While Bank of America will keep the Merrill Lynch brand for its retail brokerage and investment bank, the Charlotte, North Carolina-based company plans to dissolve the subsidiary as early as the fourth quarter, according to an Aug. 2 filing. The firm will assume all of Merrill Lynch's obligations and debt.
If the restructuring does occur, it is not expected to impact Merrill's advisers, said company spokeswoman Susan McCabe.
“There is a lot of confusion out there on this,” she said in an email. “It has nothing to do with the Merrill Lynch brand.”
Merrill does business under its broker-dealer, Merrill Lynch Pierce Fenner & Smith Inc. “There is no change there,” Ms. McCabe said.

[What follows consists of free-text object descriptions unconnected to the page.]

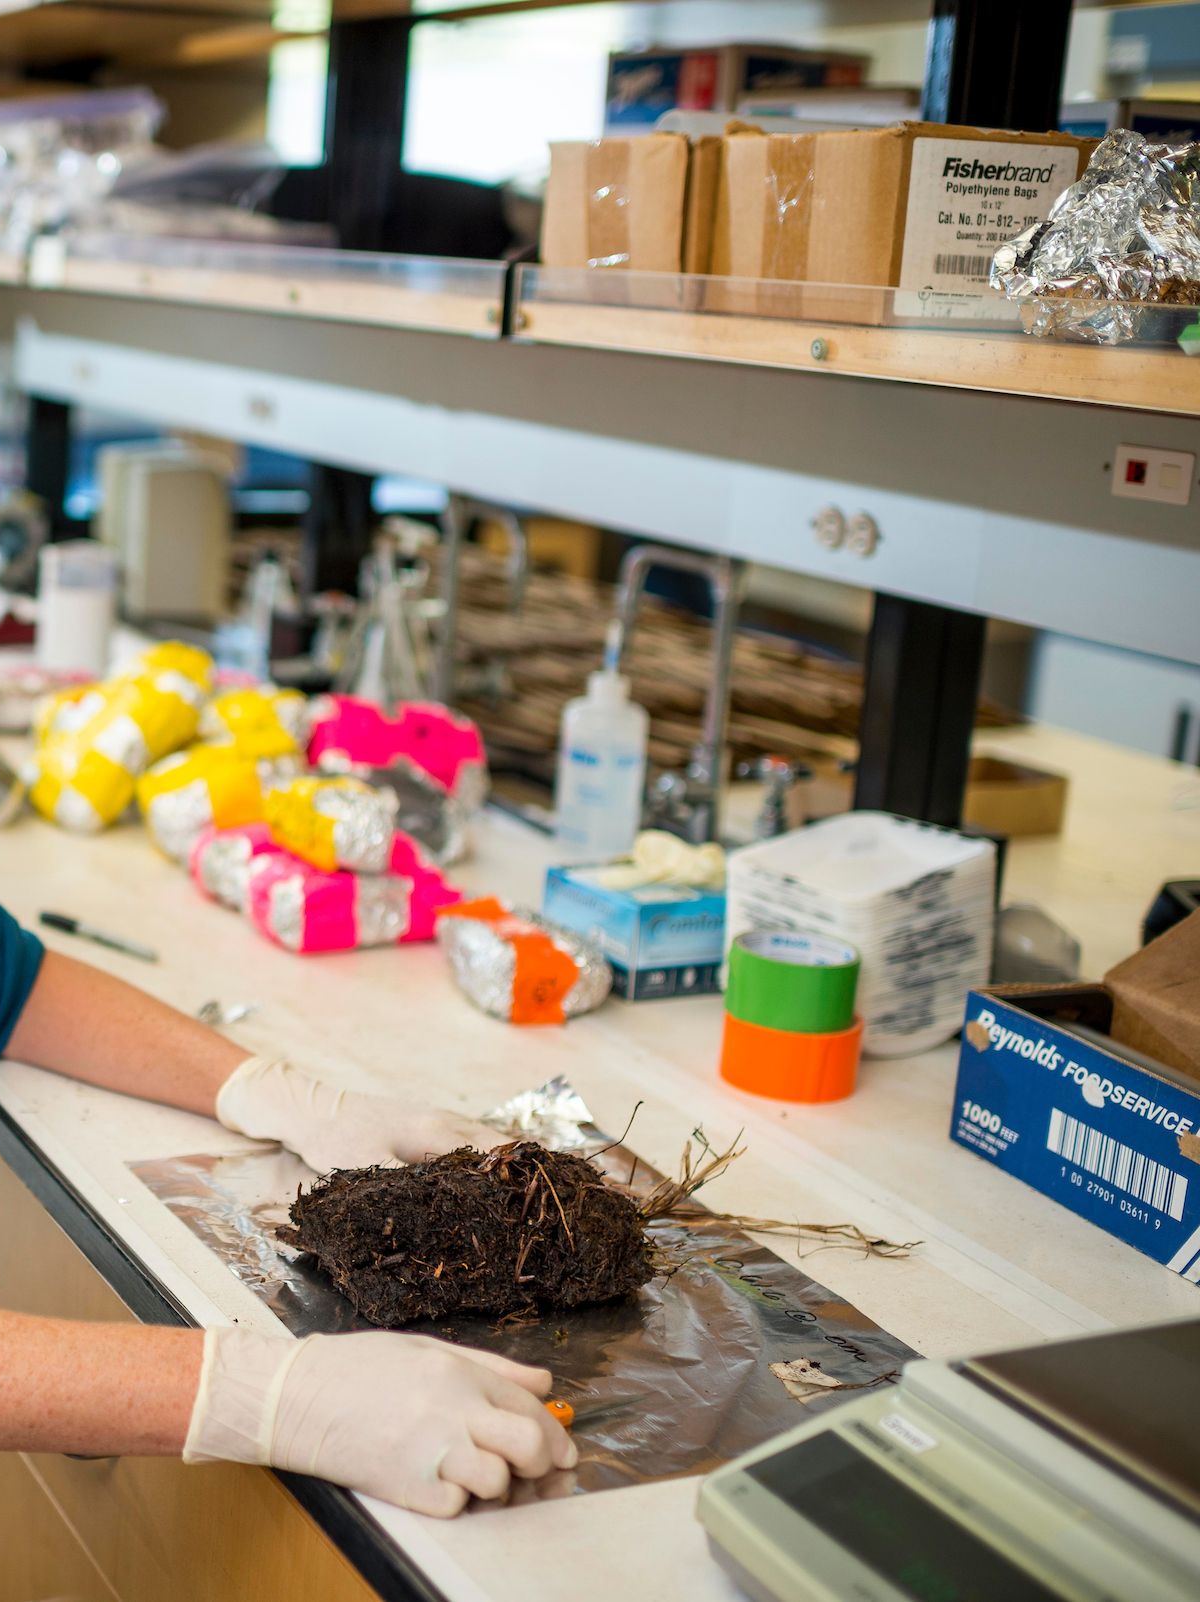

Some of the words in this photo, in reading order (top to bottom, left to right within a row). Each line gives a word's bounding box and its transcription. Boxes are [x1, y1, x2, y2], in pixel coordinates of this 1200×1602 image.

[942, 157, 1054, 183] Fisherbrand
[945, 181, 1010, 198] Polyethylene
[1013, 185, 1038, 200] Bags
[938, 211, 955, 225] Cat.
[958, 212, 973, 226] No.
[976, 1008, 1062, 1071] Reynolds
[962, 1100, 1002, 1134] 1000
[999, 1125, 1020, 1145] FEET
[1061, 1166, 1066, 1178] 1
[1070, 1171, 1083, 1187] 00
[1086, 1180, 1115, 1205] 27901
[1119, 1199, 1149, 1224] 03611
[1154, 1219, 1161, 1230] 9

The parent of MLPFS, Merrill Lynch & Co., is the entity that might be merged into Bank America.
That Bank of America is considering folding Merrill Lynch & Co. into the bank was first disclosed in Merrill's first-quarter report last May. News that the change could happen as early as this year was added to the latest 10Q.
“It’s not a big deal if they don’t change the brand,” said a Merrill adviser based in California who asked not to be identified.

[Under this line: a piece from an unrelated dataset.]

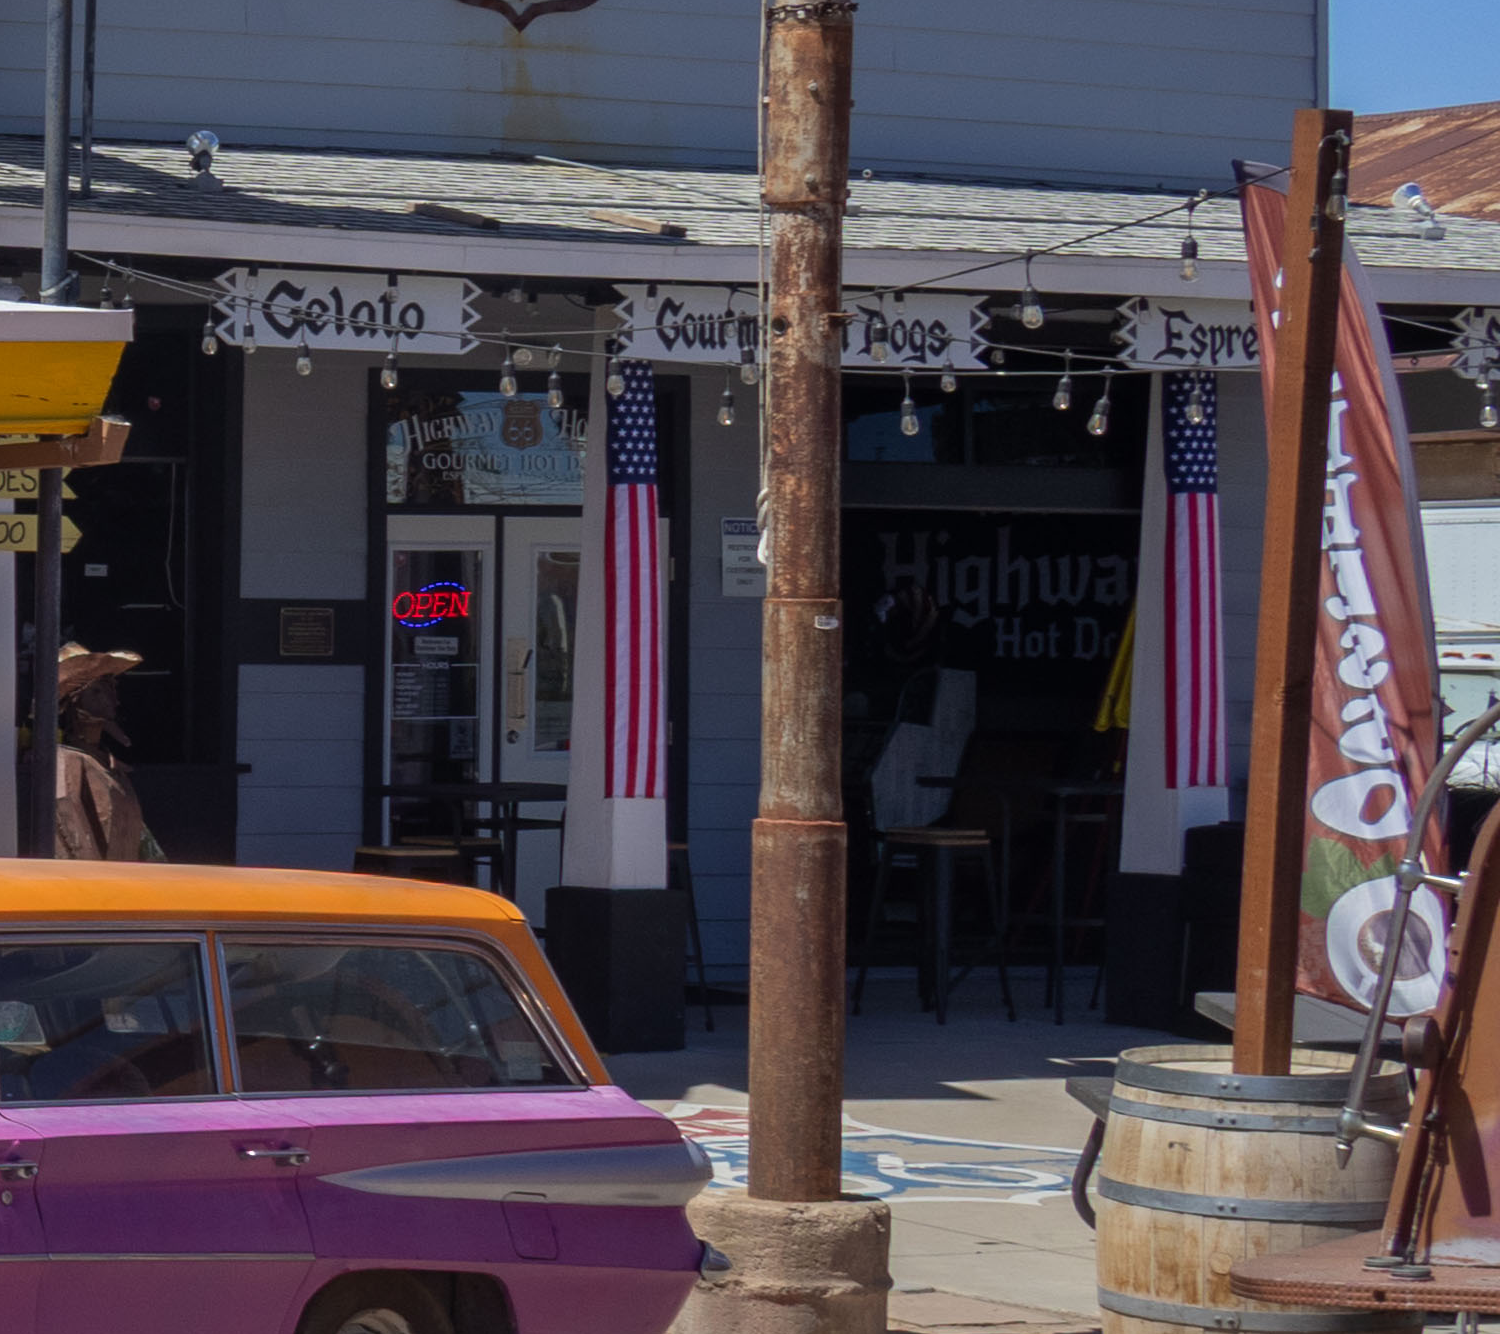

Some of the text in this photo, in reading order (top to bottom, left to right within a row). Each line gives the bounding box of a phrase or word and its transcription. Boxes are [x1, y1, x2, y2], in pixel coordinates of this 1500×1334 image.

“It’s sort of sad,” added another Merrill rep on East Coast, who also couldn’t be named.
From a business standpoint, nothing looks like it will change, the East Coast rep said. But the end of Merrill Lynch as a separate legal entity “takes away from the historical significance of its founding 100 years ago,” he said.
Merrill will celebrate the 100th anniversary of its founding next January.

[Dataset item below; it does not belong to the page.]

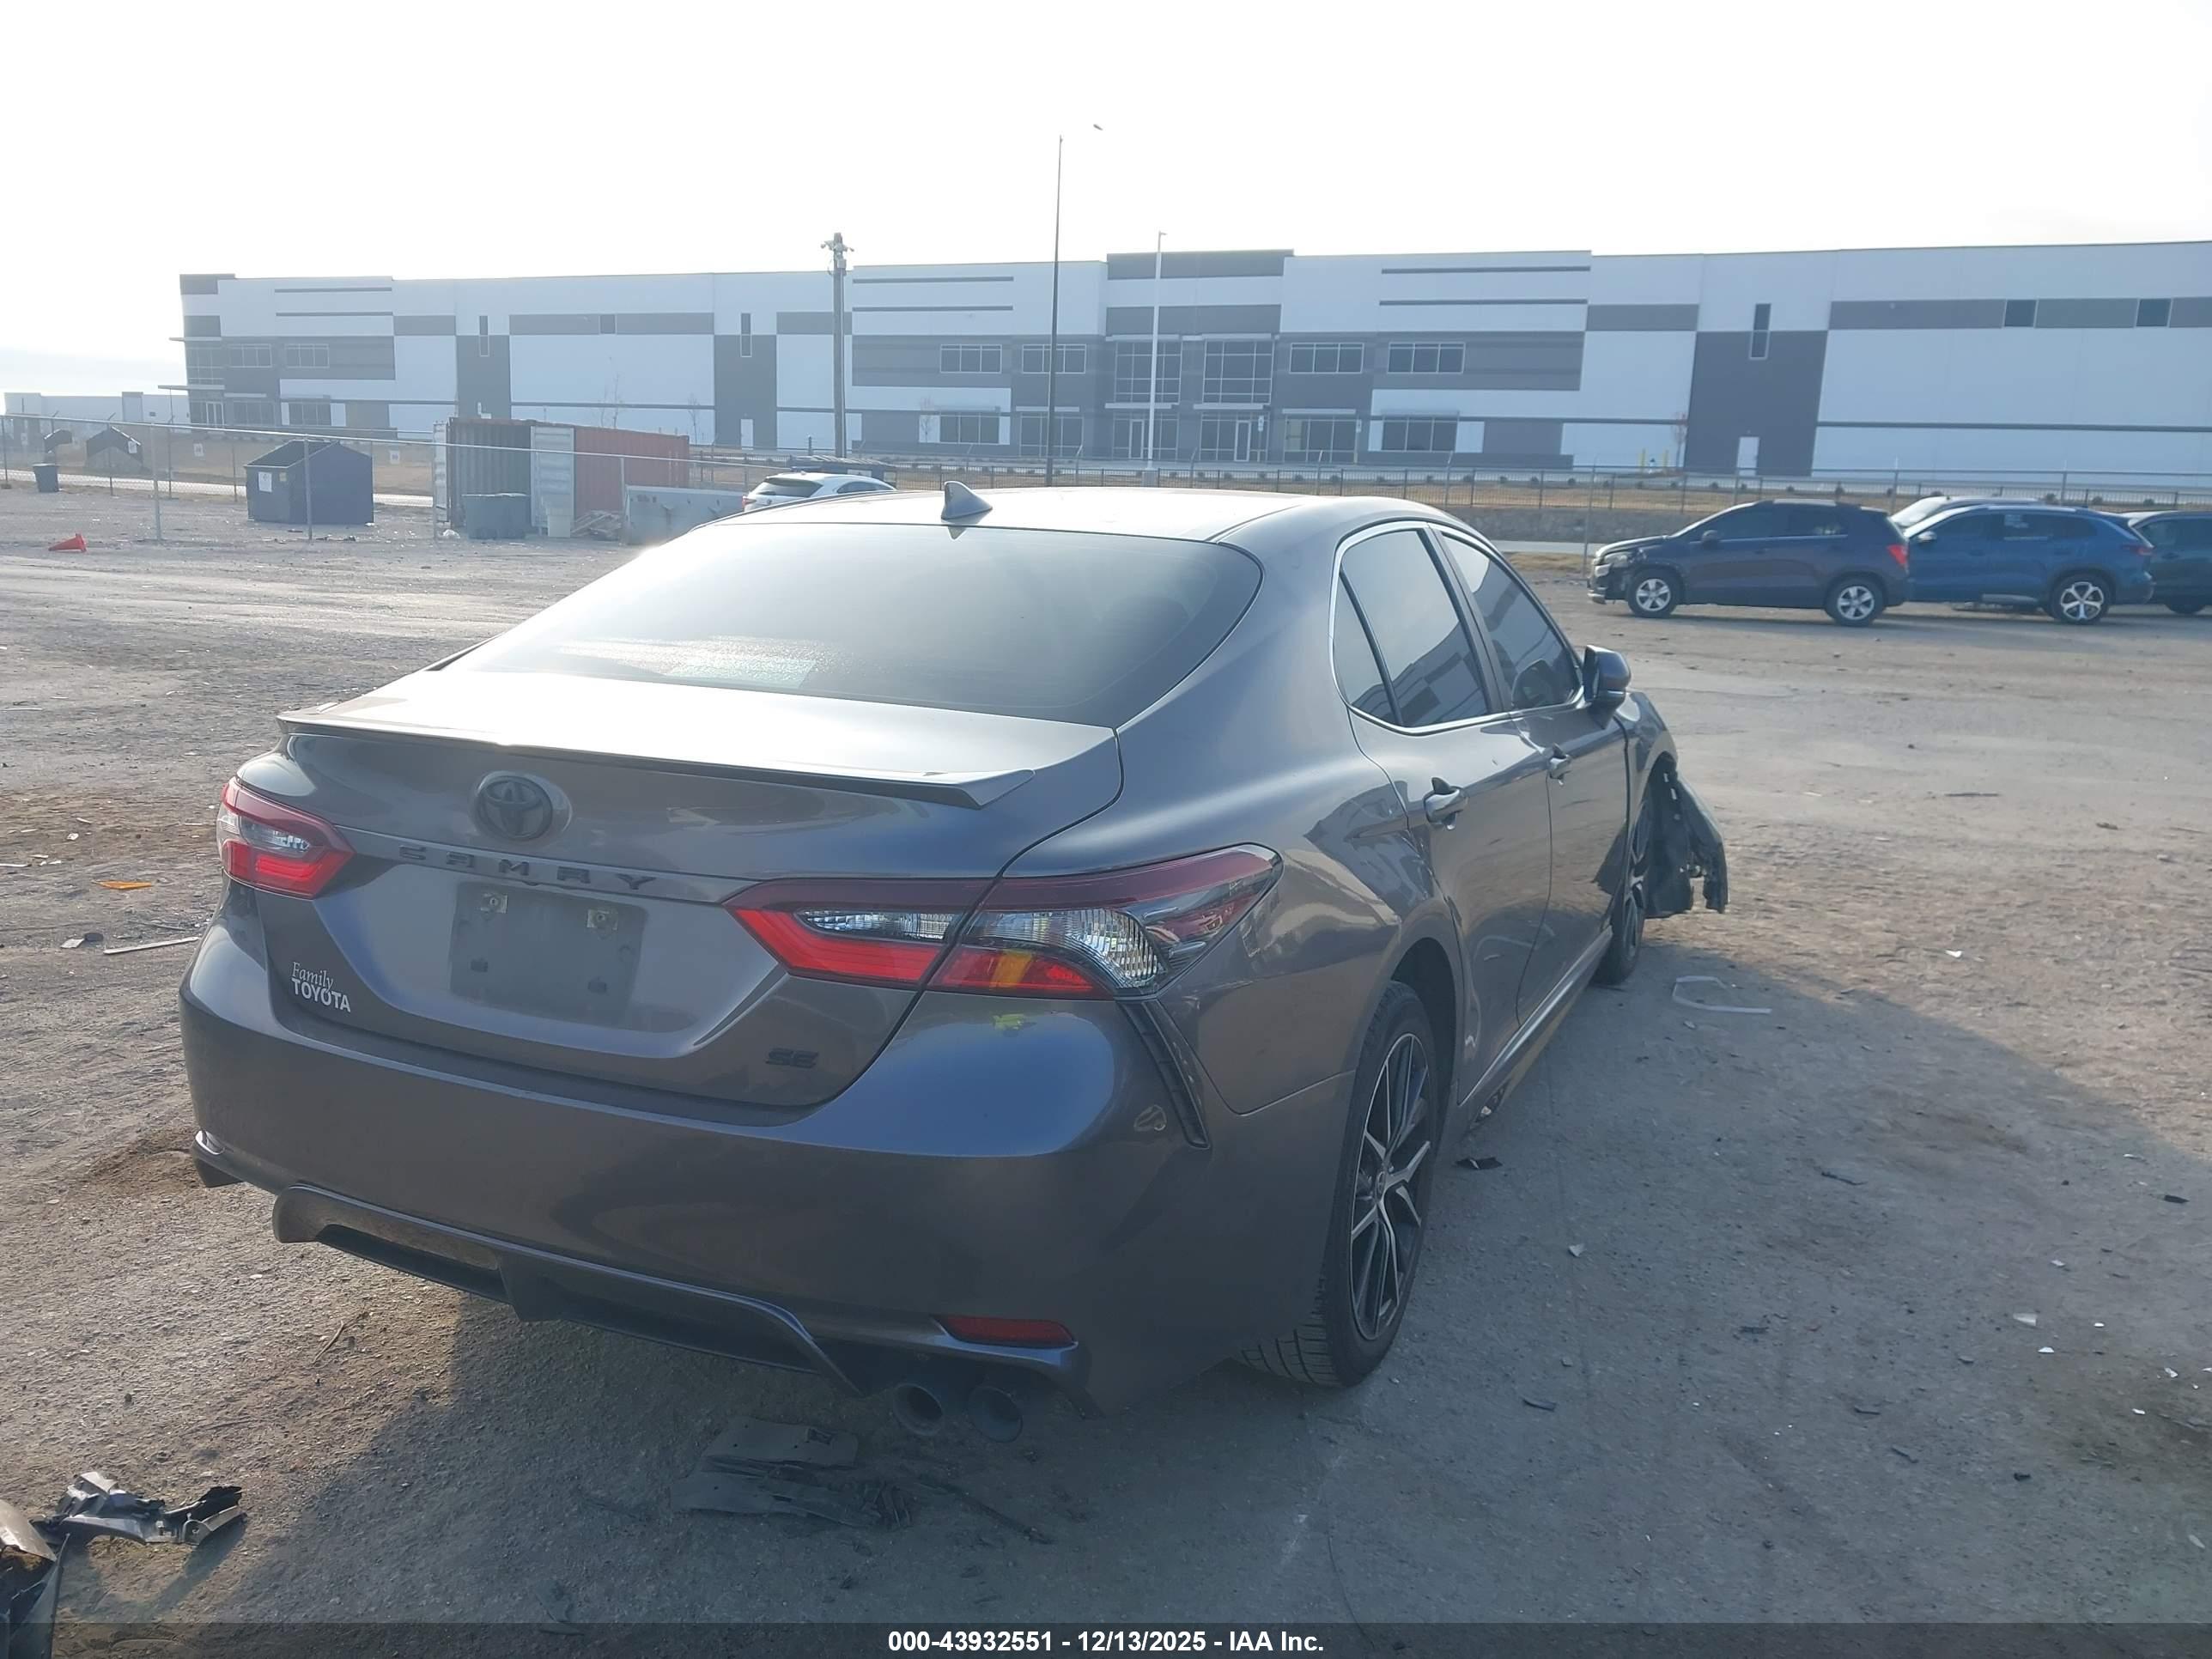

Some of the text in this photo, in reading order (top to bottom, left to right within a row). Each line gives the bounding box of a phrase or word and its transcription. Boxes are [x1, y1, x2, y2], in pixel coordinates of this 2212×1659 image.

[398, 844, 657, 890] CAMRY
[292, 961, 334, 994] Family
[291, 977, 351, 1013] TOYOTA
[765, 1048, 820, 1069] SE

Reducing the number of subsidiaries could make it easier for Merrill reps, though, the California broker said. Advisers at the firm are technically dual employees of both the bank and BD, he said, which can complicate registrations.
Bank of America has already integrated much of its banking and brokerage infrastructure, he added.
“We can view clients’ bank accounts at Bank of America” and get paid on cash balances held at the bank, he said.
Bank of America, the second-biggest U.S. lender by assets, is simplifying its structure after chief executive Officer Brian T. Moynihan's predecessor bought Merrill Lynch in 2009. Merging the legal entity could help Moynihan hit his $8 billion-a-year cost-cutting target and comply with regulators who want to make the biggest banks easier to resolve in a crisis.
“Less-complex structures would increase the success of resolution planning via living wills in the case of potential worst-case financial distress scenarios,” David Hendler, an analyst at CreditSights Inc., said today in an e-mail with the subject line: “Bye Bye Merrill Lynch & Co.?”
Dissolving the legal entity also ends Merrill Lynch's need to file separate regulatory disclosures. Jerry Dubrowski, a spokesman for the bank, declined to comment on the change.
Bank of America faced regulatory probes, investor lawsuits and criticism from lawmakers over claims it didn't warn shareholders about Merrill Lynch's mounting losses before they voted to buy the firm for $18.5 billion.
Last year, Bank of America agreed to pay $2.43 billion to investors who suffered losses during the takeover, engineered by former CEO Kenneth D. Lewis as the world's biggest financial firms teetered near collapse during the 2008 credit crisis. Merrill's operations were credited with fortifying Bank of America in the years that followed as costs piled up from bad home loans and credit cards.
Merrill Lynch had about 14,000 financial advisers as of the second quarter, excluding those working at bank branches.
Bloomberg News contributed to this report.